The government can refuse to grant clearances or revoke them for legitimate reasons, but viewpoint is not one of them.
This applies to all future administrations, not Trump. These are constitutional principles, not anti-Trump rulings. A Democratic president in the future would be equally bound by them. Presidents cannot use their control over clearances to punish people who oppose them, regardless of which president is doing the punishing.
These constraints represent a reduction in unilateral executive power, though not an elimination of it. Presidents still control access to classified information. Presidents can still revoke clearances. But they must follow procedures and cannot act arbitrarily or as pure political punishment.
The Appeals Process
The Trump administration has signaled its intent to appeal Judge Ali’s preliminary injunction ruling to the U.S. Court of Appeals for the D.C. Circuit.
The preliminary injunction is temporary—it stops the government from implementing the revocation while the case continues.
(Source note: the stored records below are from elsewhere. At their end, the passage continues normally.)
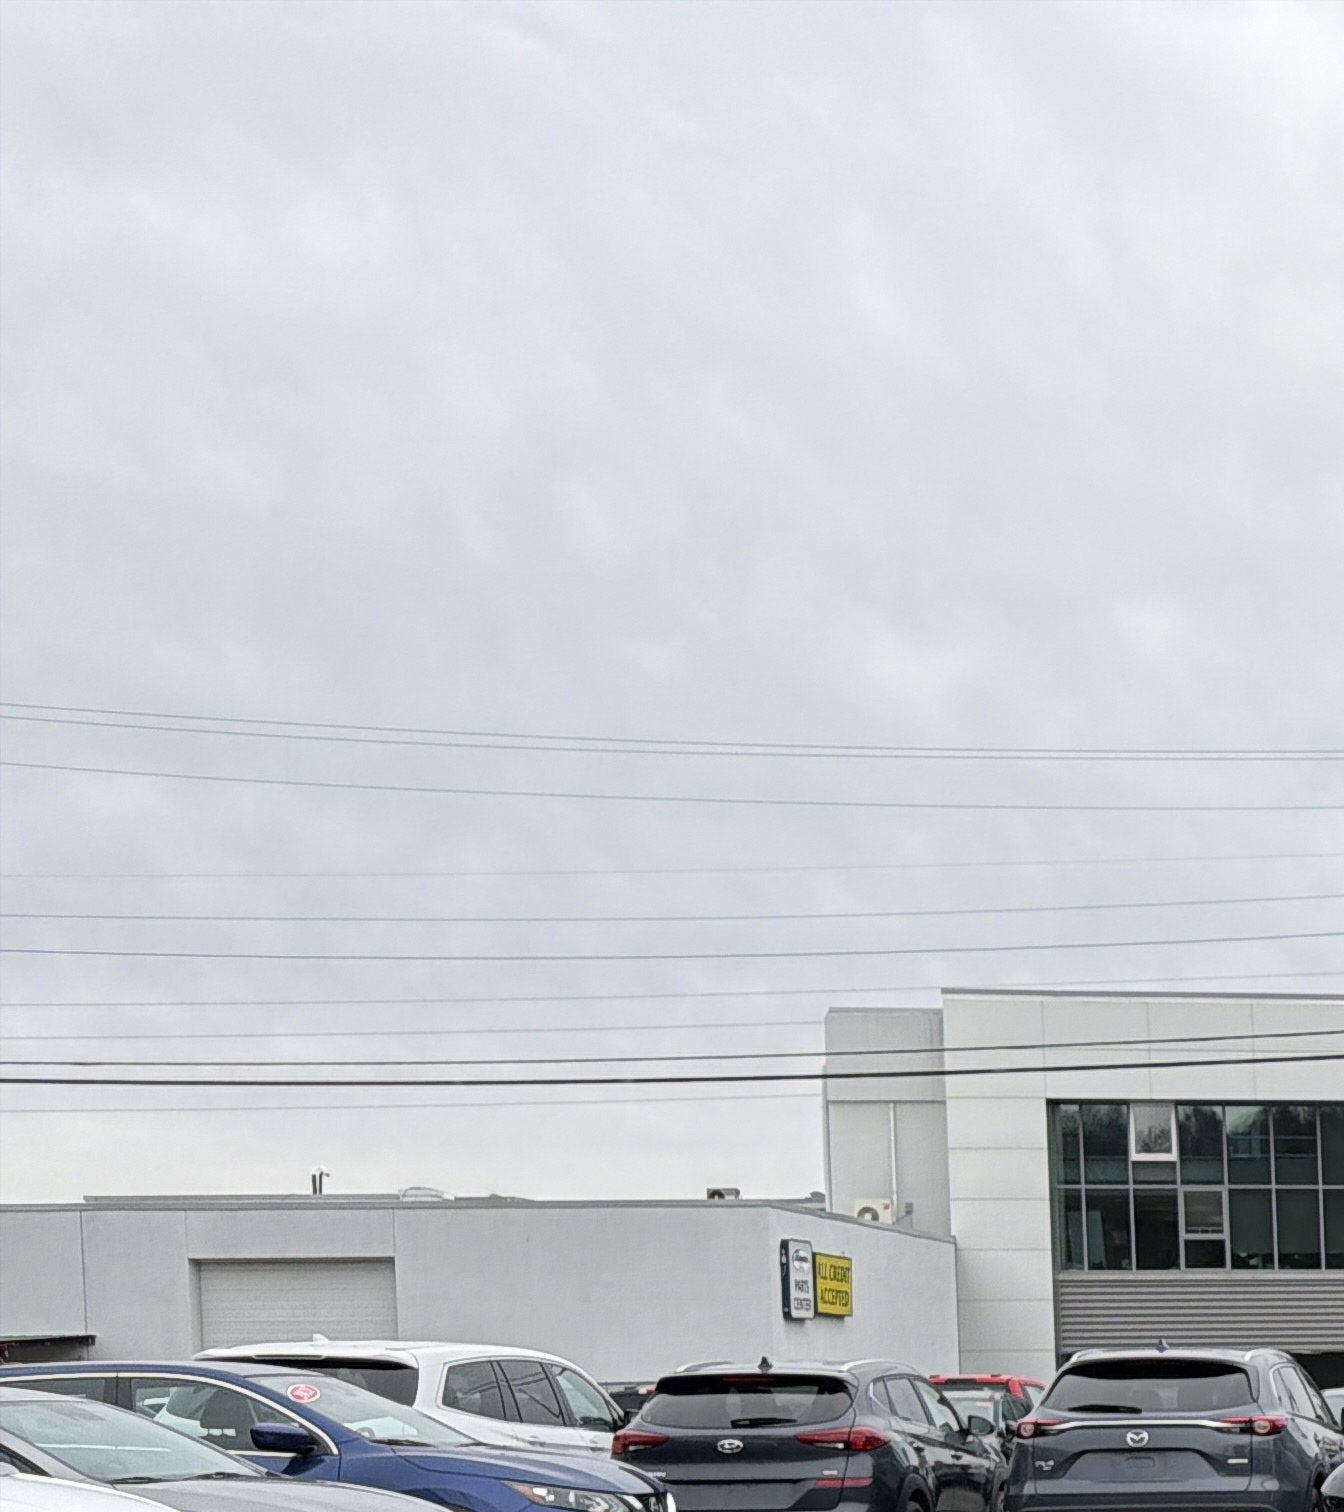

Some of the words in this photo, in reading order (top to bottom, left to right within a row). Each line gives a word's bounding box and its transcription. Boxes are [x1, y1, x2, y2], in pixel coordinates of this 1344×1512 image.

[817, 1262, 828, 1281] ALL
[829, 1263, 850, 1284] CREDIT
[793, 1297, 812, 1312] CENTER
[820, 1287, 850, 1308] ACCEPTED
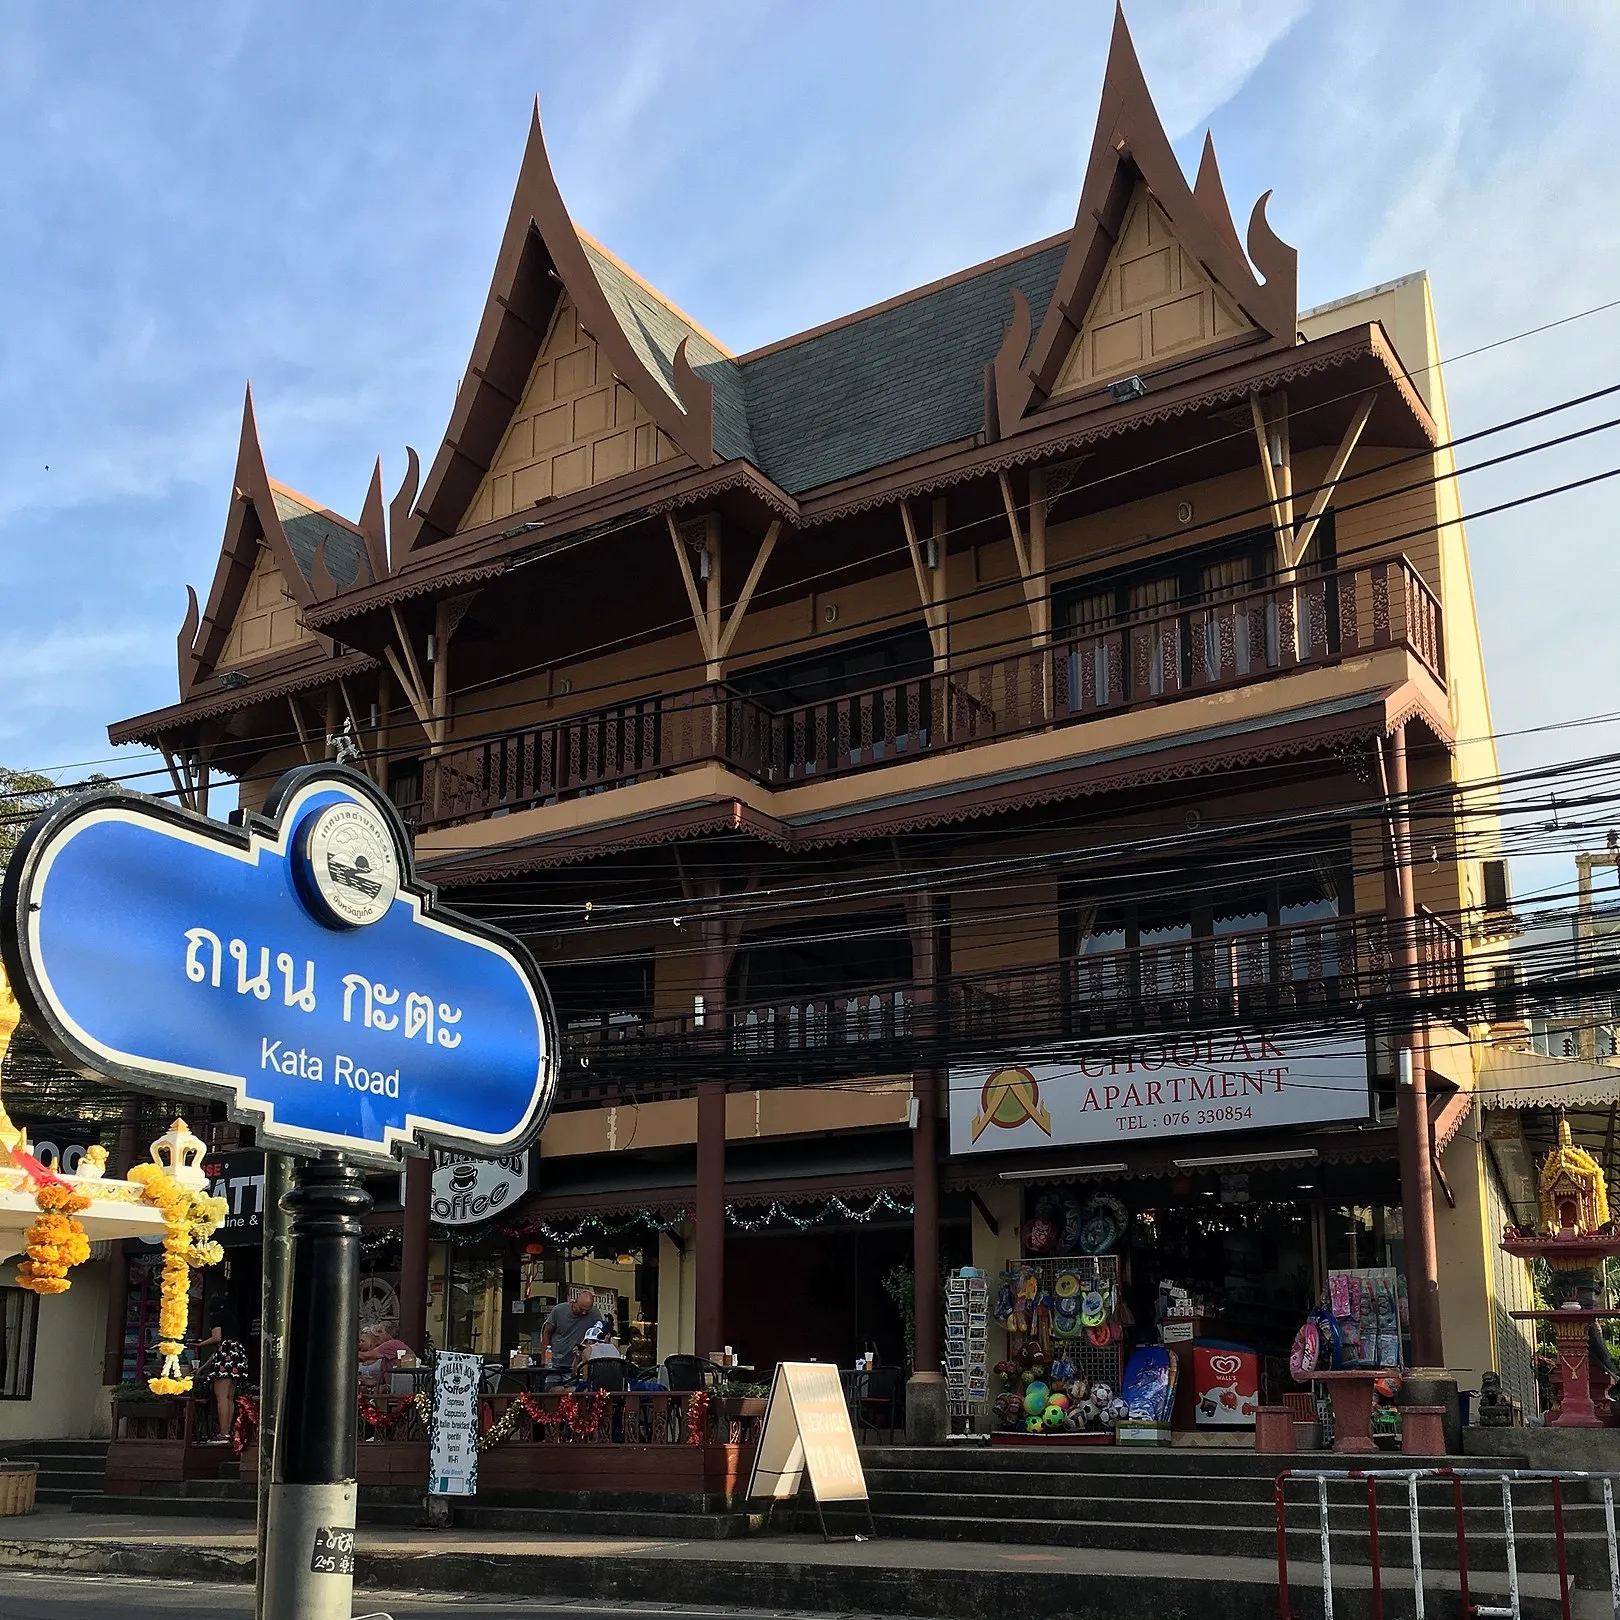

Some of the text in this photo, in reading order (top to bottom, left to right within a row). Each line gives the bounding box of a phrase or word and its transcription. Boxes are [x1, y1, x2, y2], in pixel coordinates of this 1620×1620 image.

[183, 927, 463, 1049] ถนน กะตะ
[261, 1037, 400, 1099] Kata Road
[1080, 1066, 1290, 1113] APARTMENT
[1116, 1113, 1148, 1131] TEL
[1163, 1111, 1190, 1127] 076
[1197, 1105, 1253, 1125] 330854
[431, 1181, 510, 1220] offee
[249, 1214, 259, 1226] &
[440, 1363, 475, 1381] ITALIAN JOB
[443, 1380, 471, 1395] Coffee
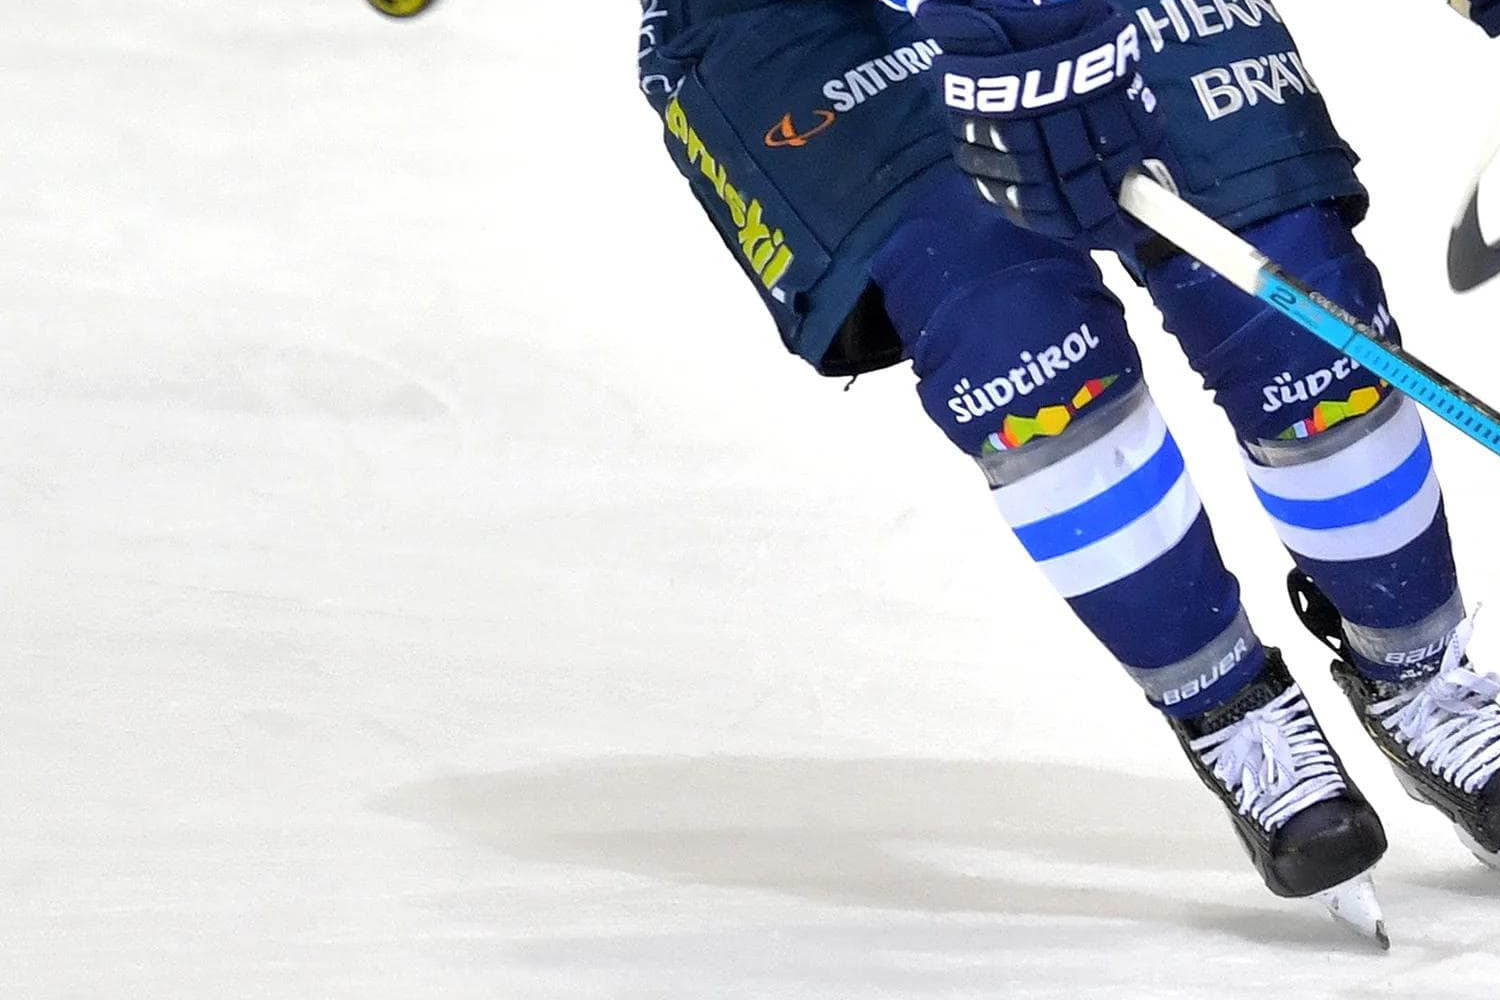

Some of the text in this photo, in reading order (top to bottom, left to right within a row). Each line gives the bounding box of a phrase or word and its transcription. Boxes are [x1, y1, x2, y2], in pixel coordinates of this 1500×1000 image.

[823, 39, 943, 112] SATURN
[945, 23, 1141, 113] BAUER
[1162, 636, 1248, 706] BAUER
The appeal will be decided by a three-judge panel of the circuit court, and the government will argue that the judge was wrong to block the revocation.
The circuit court will apply an abuse-of-discretion standard, asking whether the district judge misapplied the law or acted unreasonably in granting the preliminary injunction. The government might argue that security clearances are such a core presidential function that courts cannot review them. Or they might argue that even if courts can review clearance decisions, the judge applied the wrong legal test or failed to properly weigh national security concerns against First Amendment interests.
After the circuit court rules, the losing side could ask the Supreme Court to review the case. Supreme Court review is not automatic—the Court receives thousands of petitions annually and accepts only about 70 cases. For the Court to take the case, four justices must believe it involves an important constitutional question that deserves the Court’s attention.
If the Supreme Court does take the case, it would probably issue a decision by June 2026 at the earliest. The Court’s current composition, with a conservative majority, might or might not be inclined to expand executive power. While conservative justices have sometimes favored robust executive authority on national security matters, some have also expressed concern about executive overreach and retaliation against protected speech.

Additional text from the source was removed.